Your task
Print the entries below word for word; the pictures stay out of your copy.

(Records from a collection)
※

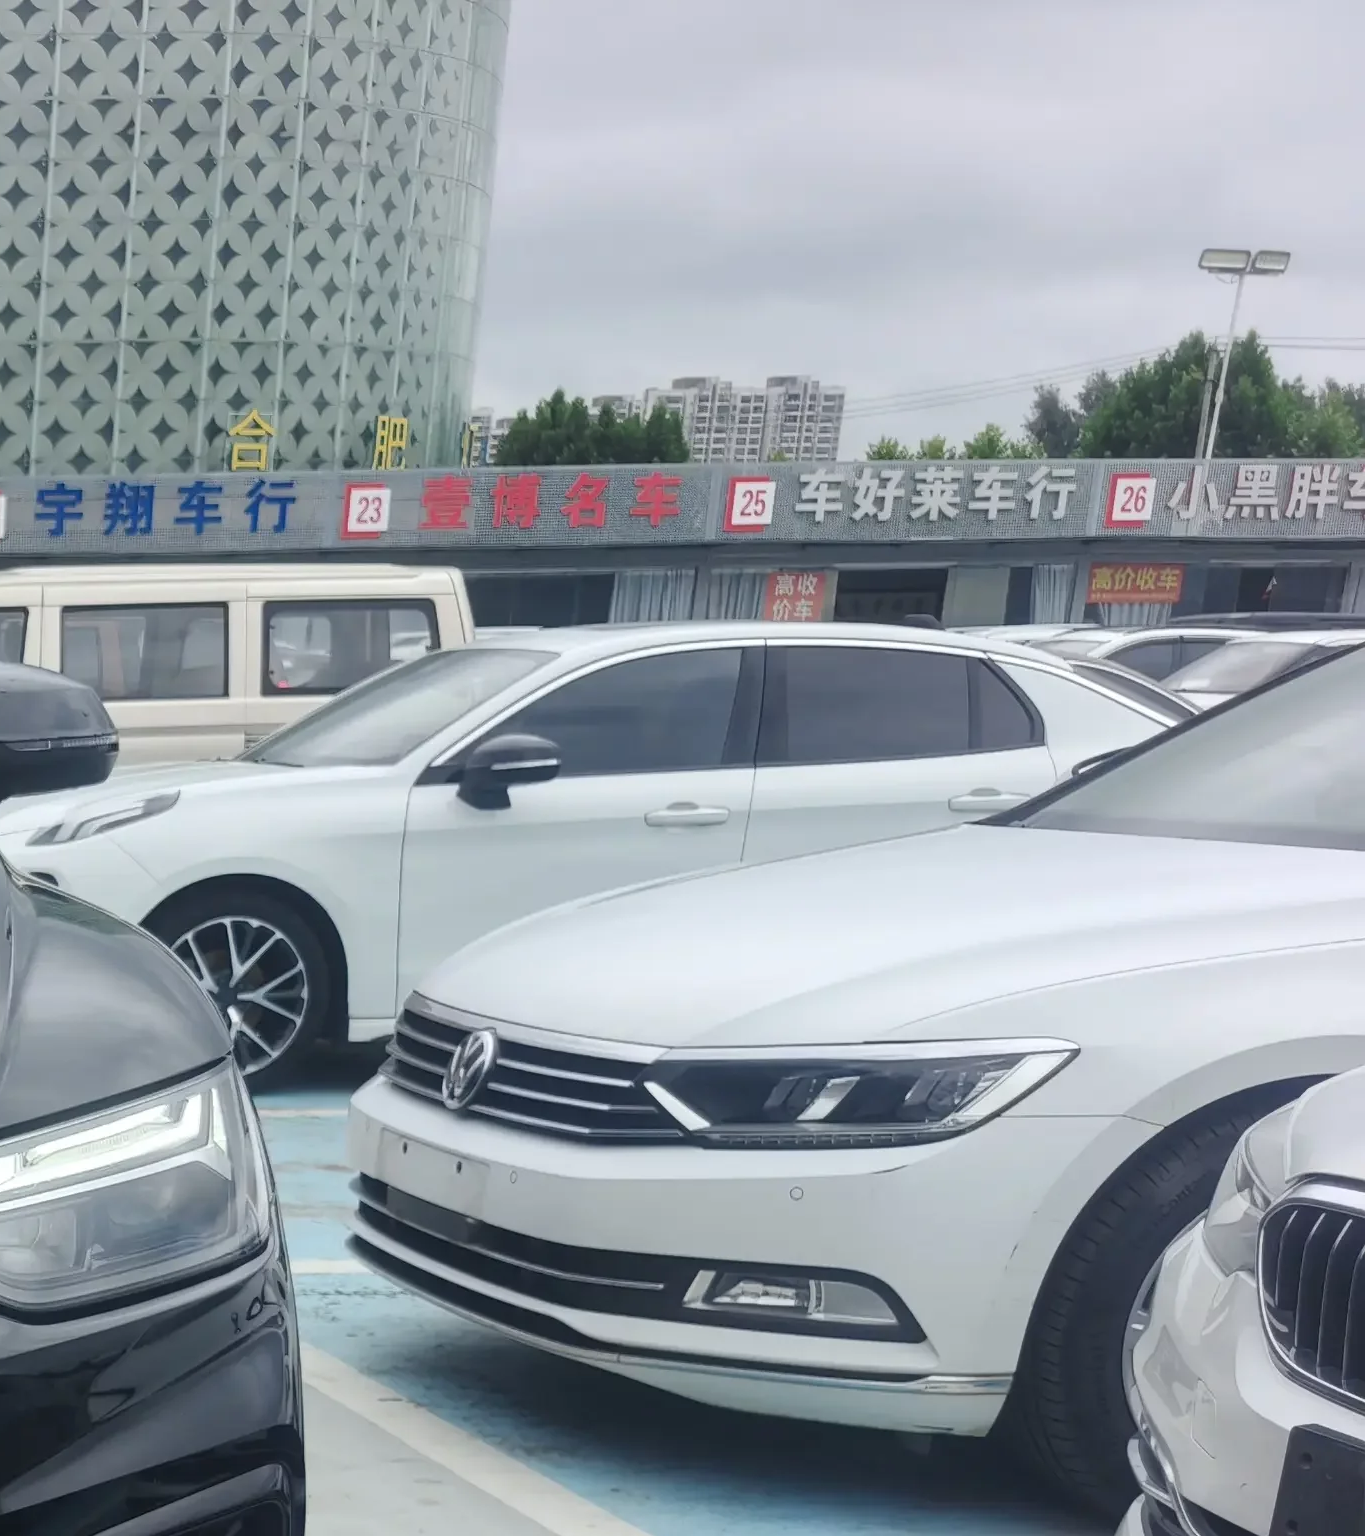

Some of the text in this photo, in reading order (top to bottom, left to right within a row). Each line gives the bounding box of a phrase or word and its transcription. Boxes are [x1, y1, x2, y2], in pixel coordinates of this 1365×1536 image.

[34, 478, 297, 537] 宇翔车行
[418, 472, 683, 530] 壹博名车
[740, 489, 767, 517] 25
[795, 466, 1076, 522] 车好莱车行
[1120, 485, 1147, 513] 26
[356, 496, 383, 524] 23
[1091, 565, 1181, 592] 高价收车

※

Output for this exercise
Some of the text in this photo, in reading order (top to bottom, left to right within a row). Each line gives the bounding box of a phrase or word and its transcription. Boxes are [x1, y1, x2, y2], in pixel coordinates of this 1365×1536 image.

[34, 478, 297, 537] 宇翔车行
[418, 472, 683, 530] 壹博名车
[740, 489, 767, 517] 25
[795, 466, 1076, 522] 车好莱车行
[1120, 485, 1147, 513] 26
[356, 496, 383, 524] 23
[1091, 565, 1181, 592] 高价收车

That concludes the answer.